An excellent book review/interview. Here's a taste to get you started.

Envisioning an America Free From Police Violence and Control

Images from the mass protests in St. Louis last month against the acquittal of a white former police officer in the fatal shooting of Anthony Lamar Smith felt like déjà vu: raised fists, Black Lives Matter signs, swarms of police armed in full riot gear. But this time, as police made arrests on the third night of protests, they began to chant “Whose streets, our streets” — a refrain that, stolen from the voices of protesters, mutated into an unsettling declaration of power, entitlement, and impunity. So far this year, 773 people have been fatally shot by police, according to the Washington Post, while independent databases that include other causes of death by police report tolls above 900. ...

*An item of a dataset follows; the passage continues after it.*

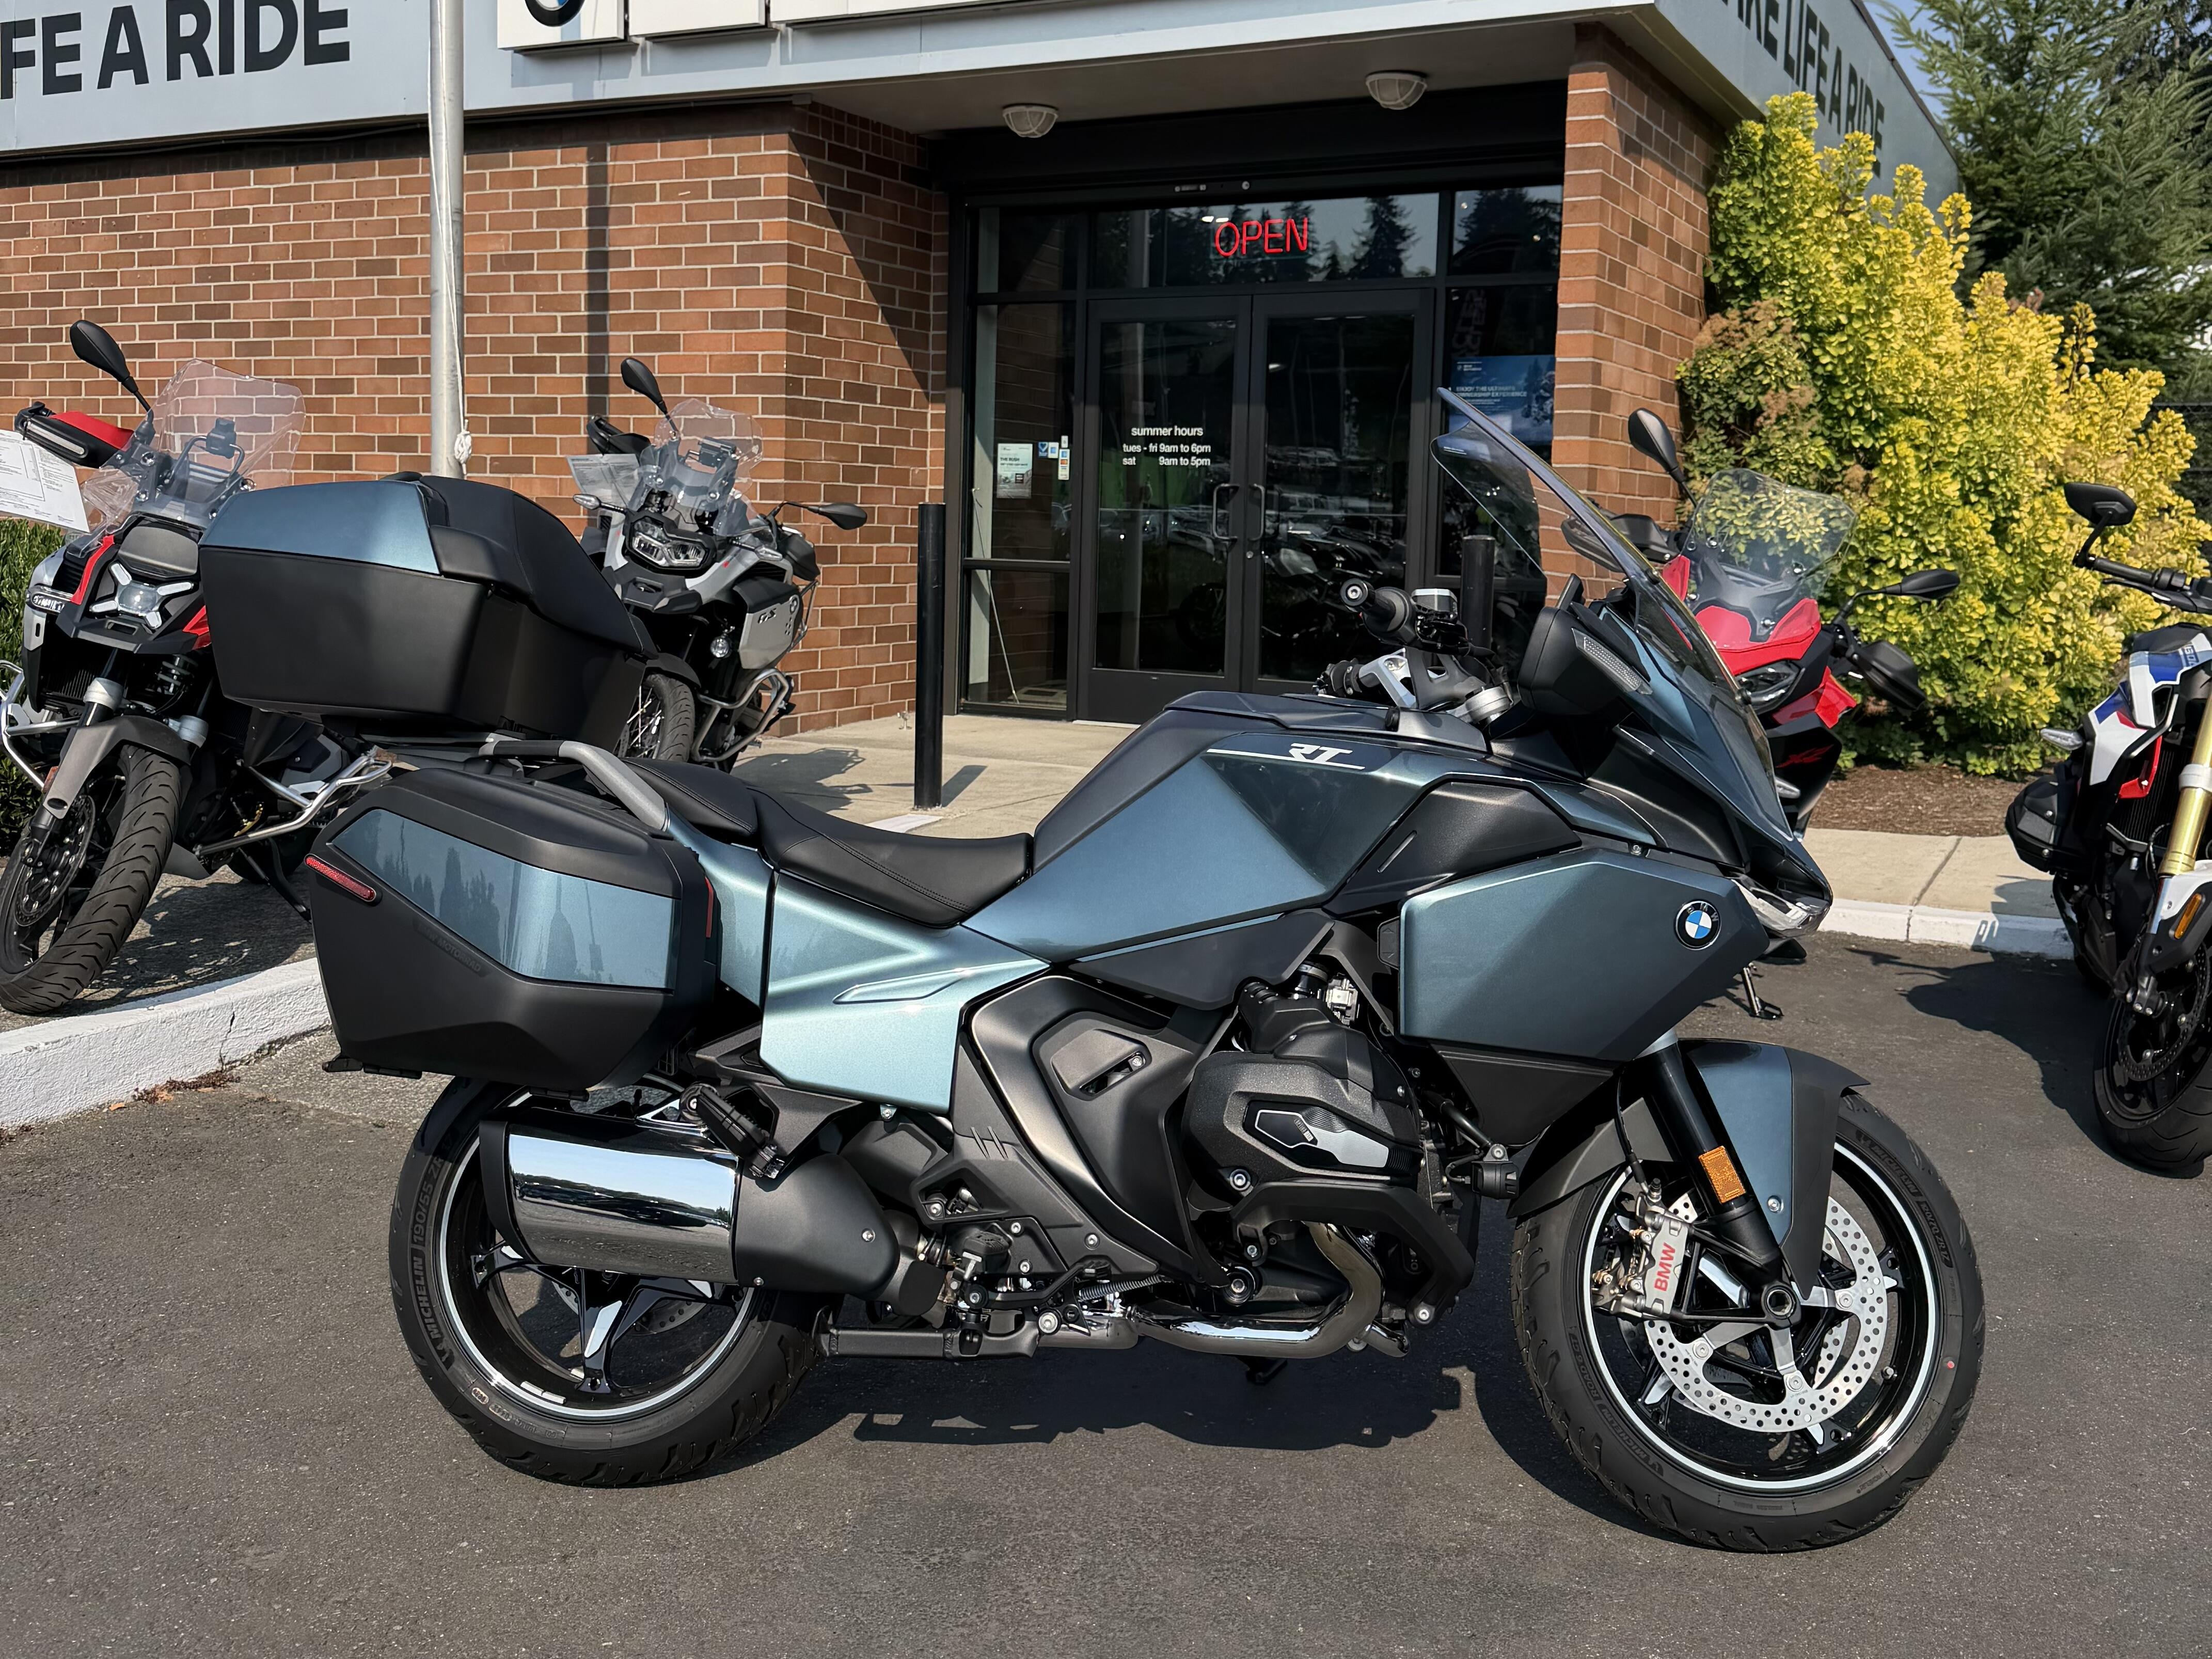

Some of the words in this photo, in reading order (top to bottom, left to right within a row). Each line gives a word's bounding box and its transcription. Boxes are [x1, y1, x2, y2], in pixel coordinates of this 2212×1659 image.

A new book published last week goes beyond the rhetoric of reform to interrogate why we need police at all. In “The End of Policing,” Alex S. Vitale argues that police reforms implemented in the wake of Brown’s death — from diversity initiatives to community policing to body cameras — fail to acknowledge that policing as an institution reinforces race and class inequalities by design. “The suppression of workers and the tight surveillance and micromanagement of black and brown lives have always been at the center of policing,” writes Vitale, a professor of sociology at Brooklyn College.

Vitale calls for an ideological reframing of policing as an inherently punitive practice that criminalizes the most vulnerable and marginalized people in the U.S. in order to maintain the status quo for white elites. Instead, he writes, people should be given the programs and resources they need to solve problems within communities in ways that do not involve police, courts, or prisons — a path to materializing justice. ...

In a time when the president of the United States openly supports and facilitates aggressive policing, and police officers continue to kill black Americans with impunity, “The End of Policing” is an essential primer to unpack the innate brutality of policing and begin to envision an America free from police violence and control.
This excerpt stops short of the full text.